I couldn’t help thinking of this when I read this new study in the European Journal of Applied Physiology about “reduced-exertion high-intensity interval training” (REHIT). Over the last few years, high-intensity interval training (HIT) has gotten a lot of attention as a time-efficient way of getting many of the health benefits of aerobic exercise. There are various protocols — the classic is four to six 30-second sprints with 4:00 easy jogging or cycling to recover between each one; another common one is alternating bouts of 1:00 hard with 1:00 easy. These workouts seem to be highly effective at improving traits like insulin sensitivity. But there’s a catch, according to the authors of the new study:

However, whilst these observations [about HIT] are interesting from a human physiological perspective, their translation into physical activity recommendations for the general population is uncertain for two reasons. First, the relatively high exertion associated with ‘classic’ HIT sessions requires strong motivation and may be perceived as too strenuous for many sedentary individuals. Second, although a typical HIT session requires only 2–3 min of actual sprint exercise, when considered as a feasible exercise session including a warm-up, recovery intervals and cool-down, the total time commitment is more than 20 min [gasp!], reducing the time efficiency. Thus, there is scope for further research to determine whether the current HIT protocol can be modified to reduce the levels of exertion and time-commitment while maintaining the associated health benefits.

In other words, the “140 character” version of exercise is still too damn long, so we need to shorten it to 26 characters!

So here’s the protocol they used. The subjects (29 sedentary young men and women) did three workouts a week for six weeks. Each of these workouts was exactly 10 minutes long, and consisted almost exclusively of “low intensity” cycling, at 60 W. This is very easy. During each 10-minute workout, the subjects incorporated two 10- to 20-second hard sprints. That’s it. Lo and behold, the men in the REHIT group increased their insulin sensitivity by 28%. Strangely, the women didn’t improve — it’s not clear why there was a gender difference. It may be that the very short sprints are most useful for men, who tend to be more powerful and thus are able to burn through more glycogen in a short time.

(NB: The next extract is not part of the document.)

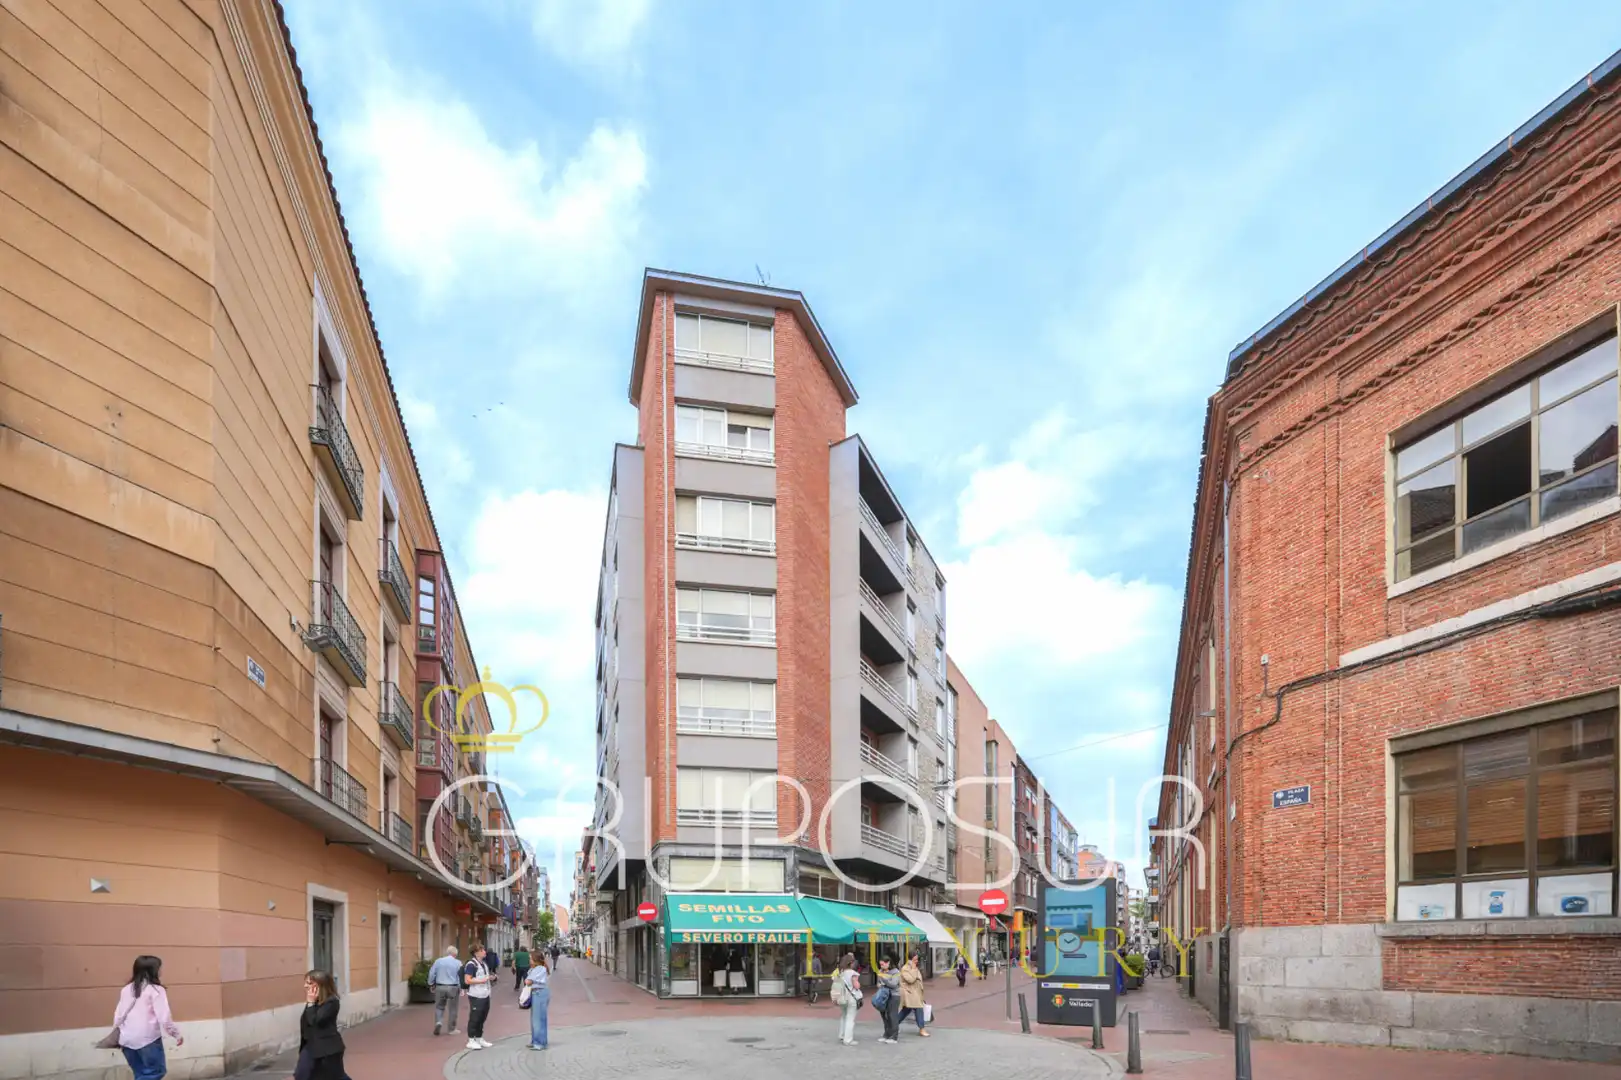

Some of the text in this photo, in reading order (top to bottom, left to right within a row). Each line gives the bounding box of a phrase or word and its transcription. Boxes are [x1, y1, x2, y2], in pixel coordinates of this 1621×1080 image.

[678, 903, 791, 914] SEMILLAS
[711, 914, 765, 924] FITO
[682, 932, 801, 944] SEVERO FRAILE

Anyway, there you have it: REHIT, the Flutter of exercise. I have to admit, part of me finds this a little funny. Soon we’ll be doing studies to show that, if you’re really and truly unfit, just blinking your eyes will allow you to make “measurable gains” in fitness parameters. On the other hand, the barriers to getting people to exercise really are tough to beat. I’m always encouraging my parents to do a little HIT rather than just stick to low-intensity activity — and they do, but they’re rarely motivated to spend more than 10 minutes in total. So it’s encouraging — and useful — to know that even a very minimal bout of high intensity will help. In the end, though, the message is pretty much what we already knew: every little bit helps — but more is better.